With so many different avenues to market a business, it can be hard to zero in on your ideal customers.
Even if you discover your ideal customers, knowing the perfect time to target them doesn’t come easy. Fortunately, marketing attribution can help solve these problems.
What Is Marketing Attribution?
Marketing attribution is a process of identifying the set of customer actions that led to the final purchase. These actions, also known as touchpoints, include every instance in which the customer had contact with your brand.
The process helps determine which strategies have worked best for your business in the past. The goal is to know which messages and channels had the most significant effect on customers’ actions.
Tracking final sales is pretty straightforward. But do you think your customer goes straight to your website and buys a particular product right away? This almost never happens.
A set of messages and channels plays a role in their final purchase decision. This would include every part of your sales funnel, from the email they clicked on initially to the product ad they viewed on Instagram.
Most customers don’t share details of their experience with you directly. However, marketing attribution models help you determine which touchpoints had the greatest impact on the buying decision of customers or encouraged them to take the next step.
Third-party cookies play a key role in tracking customer journeys and collecting relevant data, which brands have utilized for years. Unfortunately, Google’s effort to phase out third-party cookies in 2023 will affect the entire marketing attribution model.

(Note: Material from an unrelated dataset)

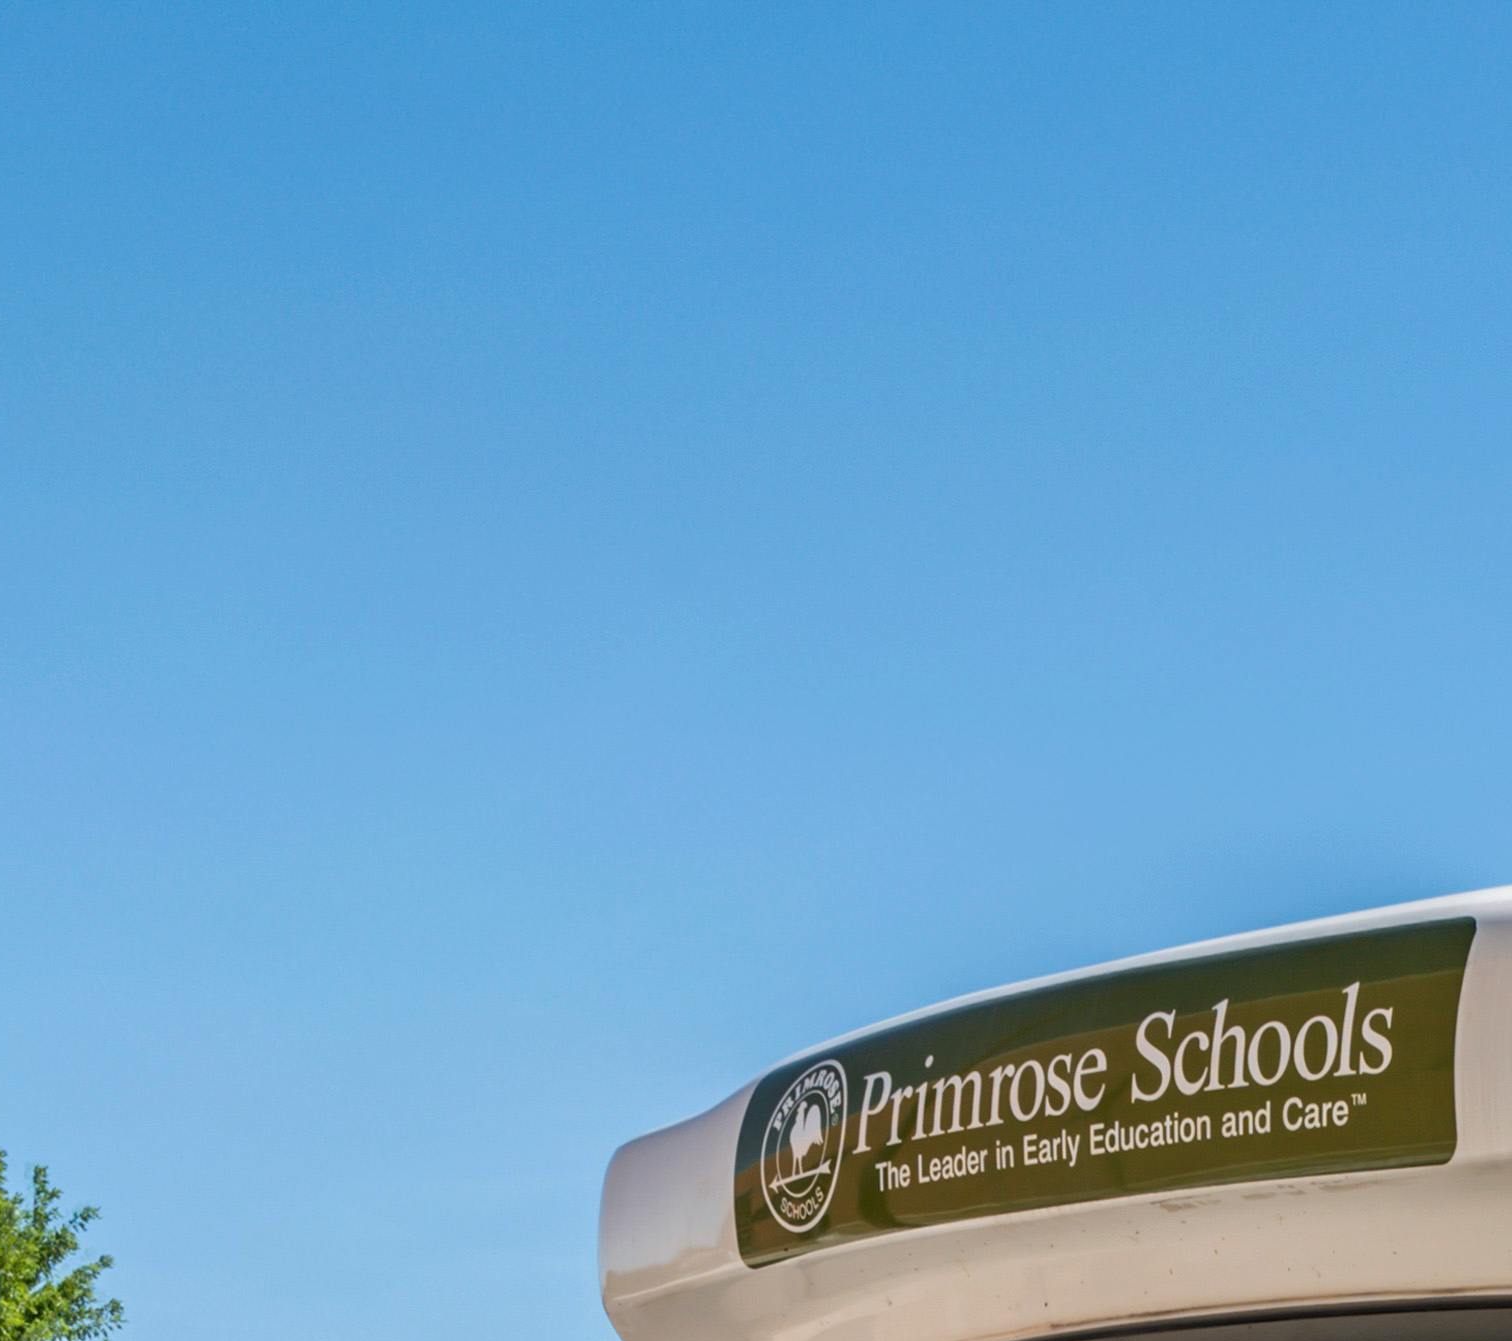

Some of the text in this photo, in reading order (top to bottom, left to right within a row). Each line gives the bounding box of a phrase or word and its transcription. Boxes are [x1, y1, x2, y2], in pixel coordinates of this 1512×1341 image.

41% of marketers believe that it will become challenging to track the right customer data. Brands heavily relied on cookies to extract valuable information and target customers accordingly. Therefore, cookie elimination will impact marketing campaigns.
While targeting the customers will certainly become challenging and more complex, we cannot rule out the possibility entirely, and there is still light at the end of the tunnel. Google is currently planning for life after third-party cookie elimination by introducing Topics. Although not much has been revealed about the solution yet, Topics would identify five topics showcasing an individual’s interest in the light of their browsing history. Currently, 350 topics are available, which are expected to grow with time.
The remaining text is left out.